If you’ve not been on a desert island for the past 12 months, you cannot have missed the blizzard of announcements from chip manufacturers claiming to enable a thing called ‘edge AI’ – and increasingly, AI at the endpoint, where power and compute resources are even more constrained than in edge devices such as gateways.
Performing AI inferencing at the edge or endpoint rather than in the cloud offers multiple benefits, including lower latency, reduced frequency of wireless data transmissions to give lower power consumption, and lower cloud computing costs.
This is all good. And Alif Semiconductor products such as the Ensemble and wireless Balletto microcontrollers are already running AI models at astonishingly low power and low latency in customer designs for endpoint devices. Now OEMs are excited about the scope to implement not just conventional AI models such as CNNs and RNNs at the endpoint, but generative AI as well.

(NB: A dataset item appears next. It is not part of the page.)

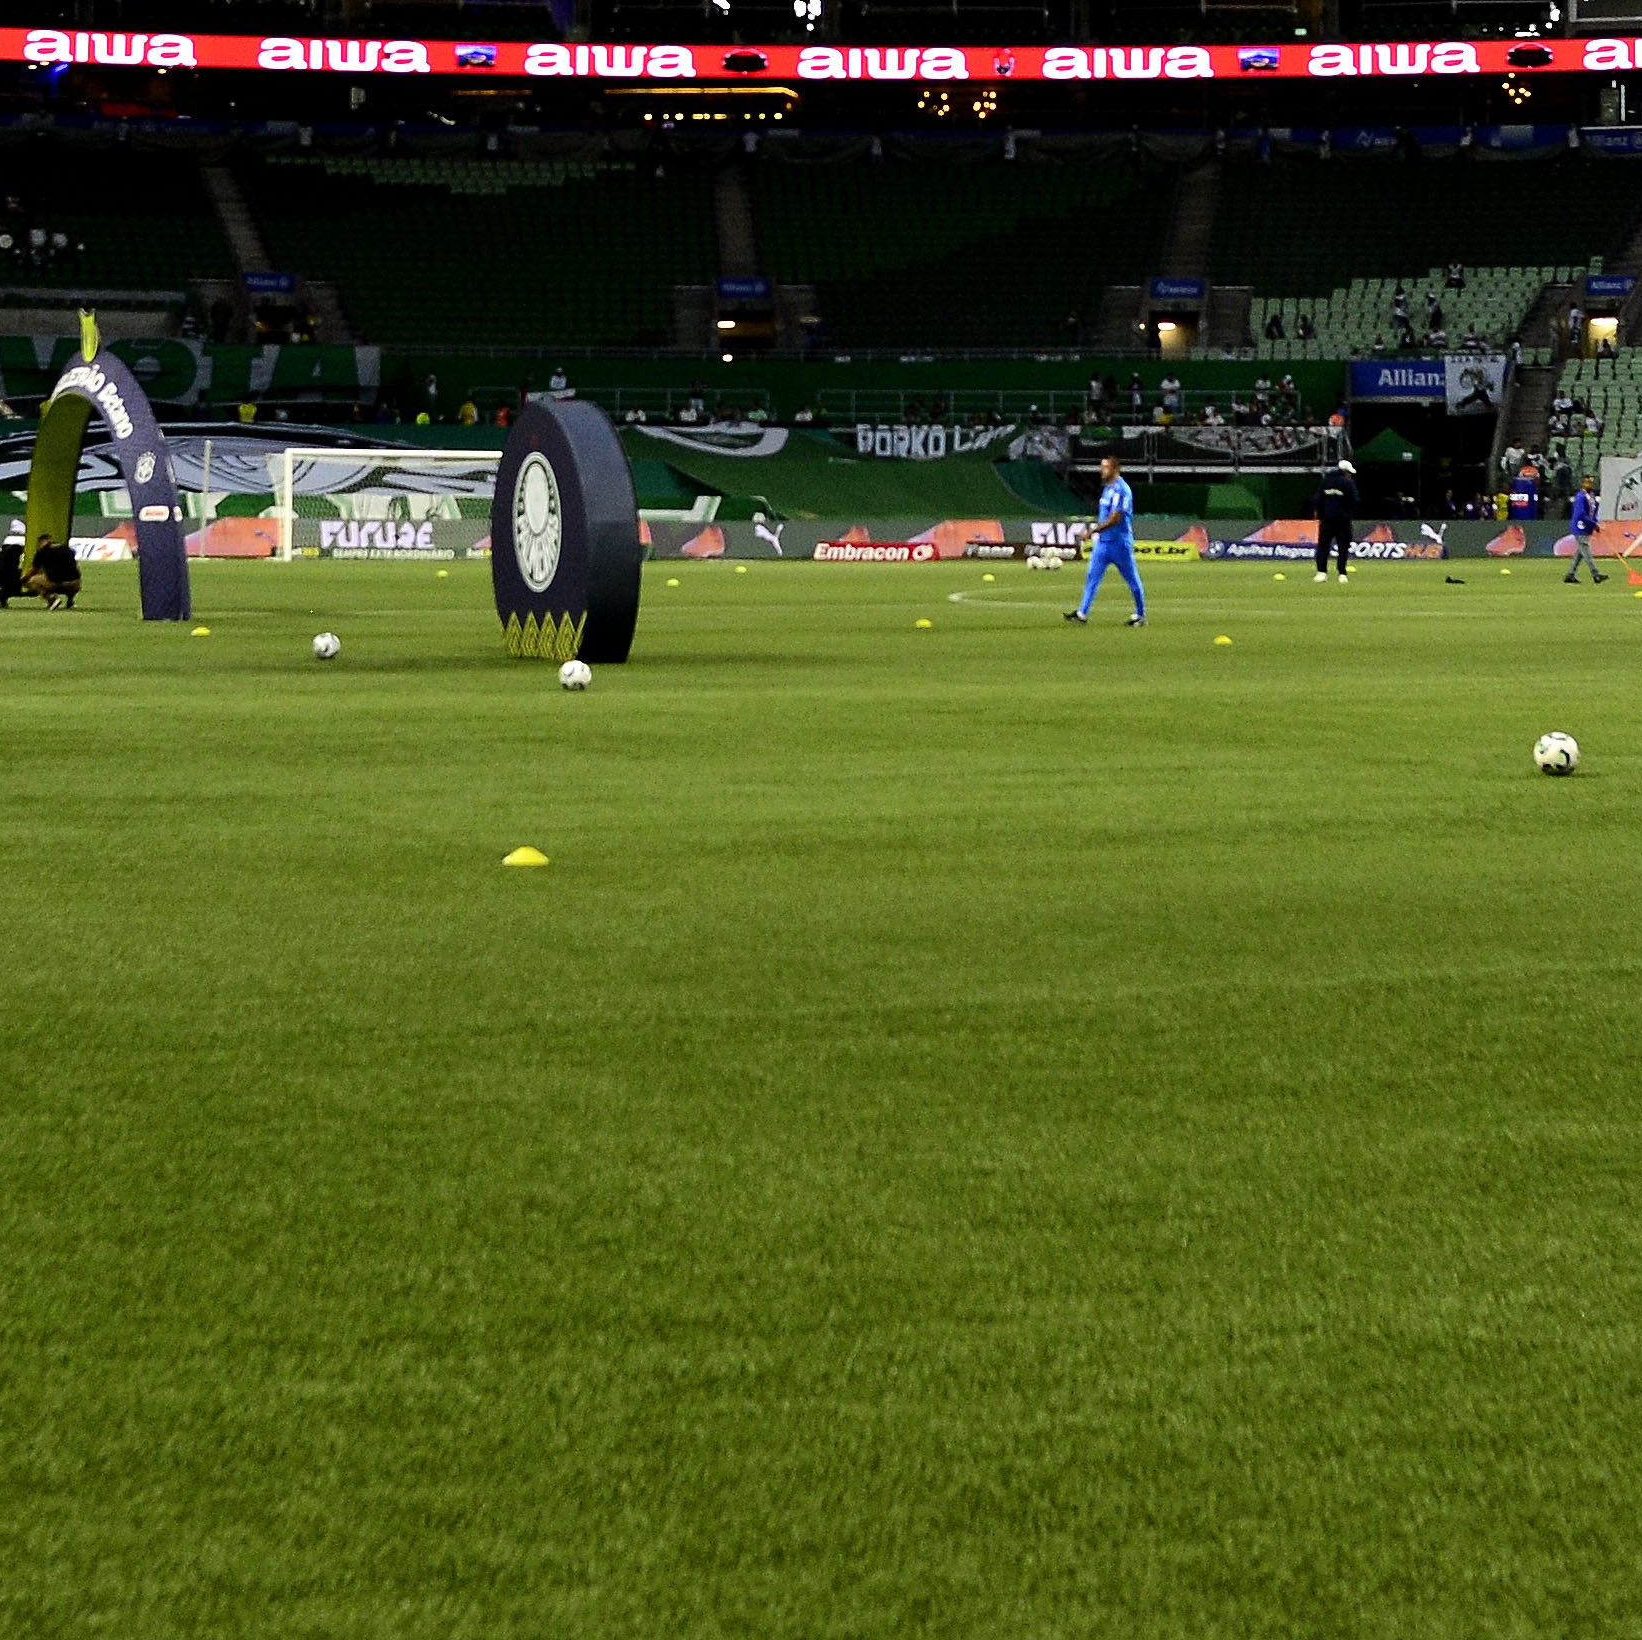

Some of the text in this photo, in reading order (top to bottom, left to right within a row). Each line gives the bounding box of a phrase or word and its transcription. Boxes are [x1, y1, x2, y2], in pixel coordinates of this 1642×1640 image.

In the cloud, generative AI based on large language models (LLMs) can basically answer any question about anything with at least a reasonable degree of accuracy. But to run any kind of LLM requires huge data storage and access to fast DRAM memory – out of the question for endpoint devices, for cost and power reasons.
So as we have explained, endpoint implementations of generative AI will need to use specially modified software such as small language models (SLMs), which do not provide the ‘answer everything’ quality of an LLM.
At first glance, this might look like a simple trade-off: the low power, low latency and low cost of local inferencing at the endpoint traded for the universal knowledge of a cloud-based model. So you might think that typical endpoint generative AI implementations will be just like generative AI in the cloud, but with limitations: for instance, smart glasses that can do real-time text translation, but instead of translating any language into English, the smart glasses might use an SLM which only translates Mandarin Chinese to English, and only translates a subset of the 1,000 most used words in Chinese, and only handles text, and not speech.
This is one approach, but it is not the only one.
In fact, system architects are finding that a blended approach could enable OEMs to get the best of both worlds: both cloud and local inferencing. In this blended model, the endpoint acts as a kind of ‘first responder’ for a systematic AI application.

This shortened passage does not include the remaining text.